Alla scoperta dell’ Archeoastronomia: intervista a Guido Cossard

Guido Cossard

Guido Cossard è laureato in fisica ed è Presidente dell’Associazione Ricerche e Studi di Archeoastronomia Valdostana. Ha tenuto numerose conferenze nel campo dell’Astronomia e dell’Archeoastronomia ed ha scritto moltissimi articoli scientifici con le principali riviste del settore.
Ha collaborato con la nota trasmissione televisiva di RAI 2  Voyager e, in considerazione del contributo da lui dato nel campo dell’archeoastronomia, l’International Astronomical Union (IAU) gli ha dedicato nel 2005 il pianetino (4993) 1983 GR, che da allora si chiama „Cossard“.

Nell’intervista di oggi, faremo un breve viaggio nell’Archeastronomia, chiedendo a Guido Cossard di raccontarci alcuni dei suoi numerosi studi.

Ma prima… cos’è l’Archeoastronomia?
L’Archeoastronomia studia i rapporti tra Astronomia e Archeologia. Rappresenta la conoscenza e comprensione che gli antichi  avevano dei fenomeni celesti e di come li hanno utilizzati ed interpretati, nonché quale ruolo la “realtà” dei movimenti della volta celeste abbia svolto all’interno delle loro culture.

Posso chiederti alcuni tuoi ultimi studi nell’ Archeoastronomia?

Attualmente mi sto occupando sostanzialmente di due lavori: uno riguardo le coppelle, come quelle che ho studiato a Lillianes, riconducibili alla costellazione delle Pleiadi. Ne sto trovando molteplici, infatti, di questi incavi artificiali su roccia. In provincia di Cuneo ne ho trovata una serie bellissima che rappresenta Perseo e che si è rivelata dunque molto importante: primo, per il soggetto inconsueto, secondo perché v’è una coppella che rappresenta chiaramente la stella algoica. Quest’ultima è una stella variabile, quindi ci fa capire che già nell’età della pietra (probabilmente bronzo, ma la datazione non è ancora precisa), ne erano a conoscenza. Tutta la costellazione è realizzata in coppelle, tranne la ‘testa’, fatta con un triangolino scavato nella pietra e, da lì, parte il radiante delle stelle Perseidi, ossia quelle che vengono chiamate ‘lacrime di San Lorenzo’, le stelle cadenti di agosto. L’importanza rispetto ad altre popolazioni, che hanno rappresentato stelle più scontate e quasi banali, come l’Orsa Maggiore o Minore, deriva proprio da questa grande capacità d’osservazione dimostrata.
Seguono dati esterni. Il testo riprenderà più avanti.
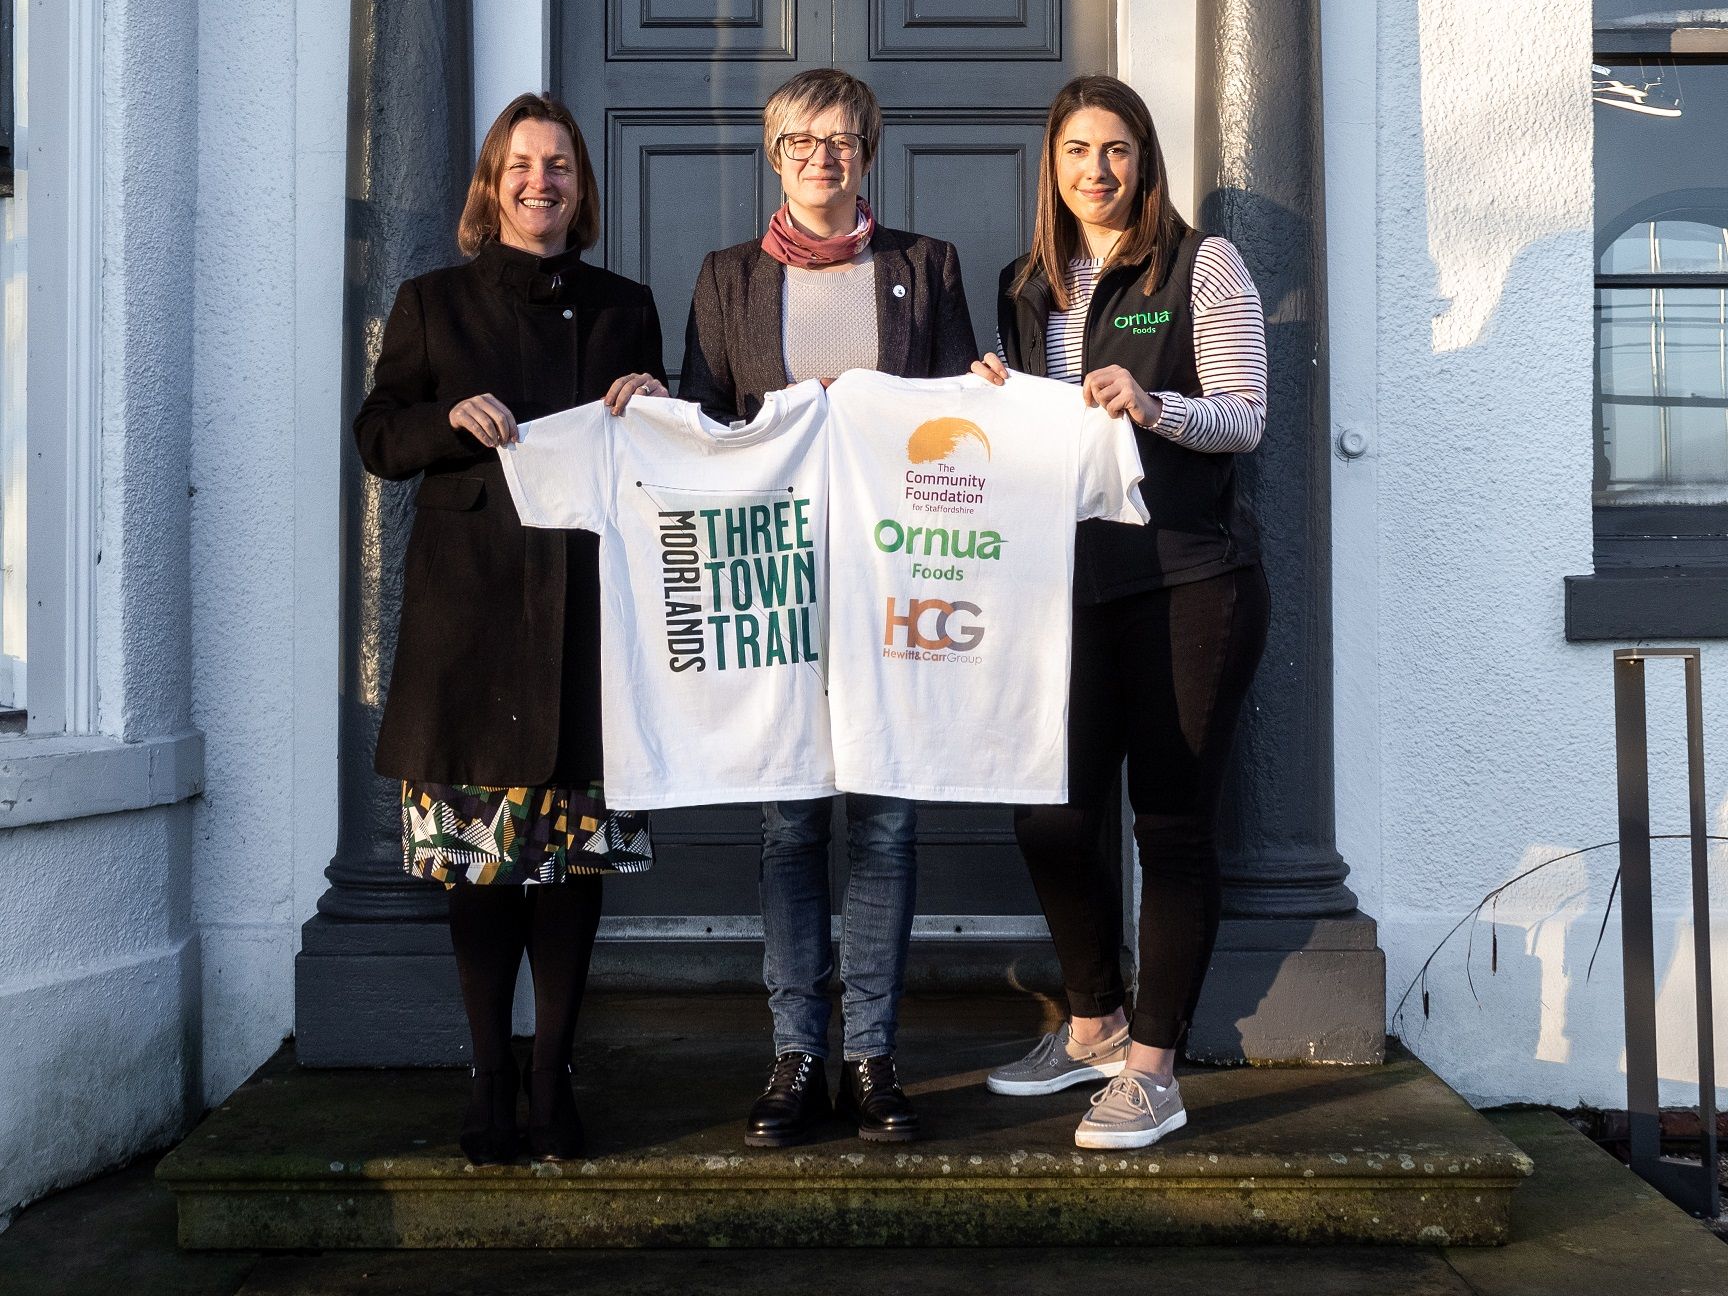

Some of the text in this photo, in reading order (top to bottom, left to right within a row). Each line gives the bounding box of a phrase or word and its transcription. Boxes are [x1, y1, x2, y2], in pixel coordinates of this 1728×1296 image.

Sulla base delle Pleiadi e di questo lavoro, sto facendo con un astronomo torinese un lavoro a tappetto statistico su queste scoperte, utilizzando il metodo del bersaglio, già applicato anche nei miei altri lavori. In pratica, una volta definito un ‘bersaglio’, si calcolano le probabilità che venga colpito per casualità o meno, facendo poi dei confronti con lavori precedenti.
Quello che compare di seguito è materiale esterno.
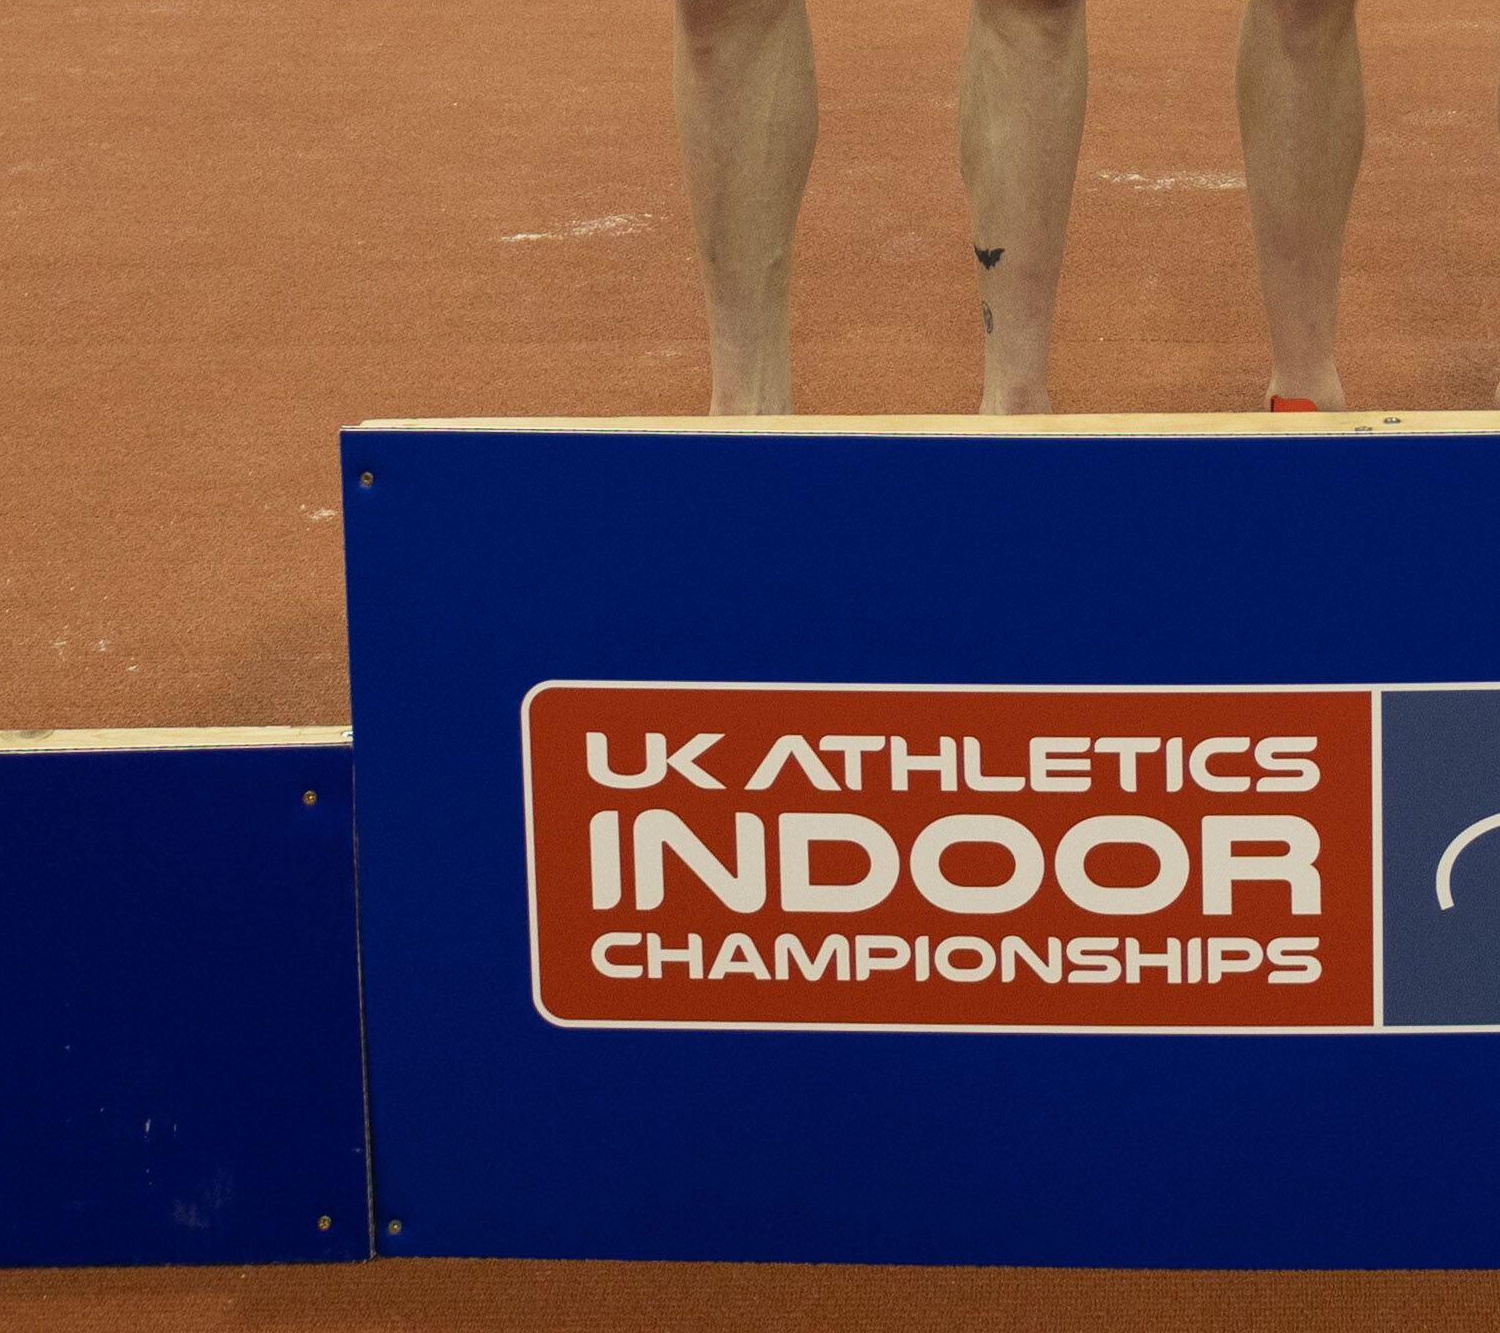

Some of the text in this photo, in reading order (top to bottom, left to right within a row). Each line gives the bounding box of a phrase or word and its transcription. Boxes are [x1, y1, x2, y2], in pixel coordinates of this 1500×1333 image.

[585, 730, 1322, 793] UK ATHLETICS
[590, 813, 1323, 918] INDOOR
[590, 931, 1323, 989] CHAMPIONSHIPS
Al contempo, continuo sempre il mio lavoro sugli Atzechi: sono infatti estremamente convinto, (mi rendo conto che per ora possa essere una presunzione), che l’astronomia degli Atzechi fosse definibile allo stesso livello di quella dei Maya, che semplicemente sono solo più conosciuti. Cerco di tirar fuori ogni minimo loro studio astronomico, per poi riunire il tutto e dimostrare la mia tesi.

Quali erano i loro mezzi?

Fino al periodo di cui stiamo parlando, sicuramente l’osservazione avveniva ad occhio nudo. Da tenere in considerazione, però, che la loro vista era decisamente più allenata: persino al giorno d’oggi esistono differenze visive sostanziali. Possiamo dunque immaginare che anche fra loro vi fosse qualcuno di più dotato sotto quel punto di vista, dedito all’osservazione. Altra considerazione da fare è che erano privi di qualsiasi forma di inquinamento visivo. Le civiltà sovracitate osservavano il cielo dall’altopiano di Città del Messico, con una quota tale che il cielo non poteva che essere terso e limpido. La semplice vista determinava scoperte e calcoli già importanti. Alcuni sostengono che possedessero già taluni tipi di strumentazioni e, d’altra parte, gli Egizi li avevano: ad esempio, utilizzavano un filo a piombo, con una nervatura di palma aperta a „v“ o il bastone di Giacobbe per misurare l’ora ed altre informazioni. Seppure da non considerarsi basici come la vista, anche i Maya utilizzavano strumenti particolari, come due legnetti incrociati ad „x“, che servivano a traguardare le stelle: in alcune stele vediamo rappresentati questi utensili. Credo che, anche i questo caso, il problema sia più una mancanza di conoscenza nostra.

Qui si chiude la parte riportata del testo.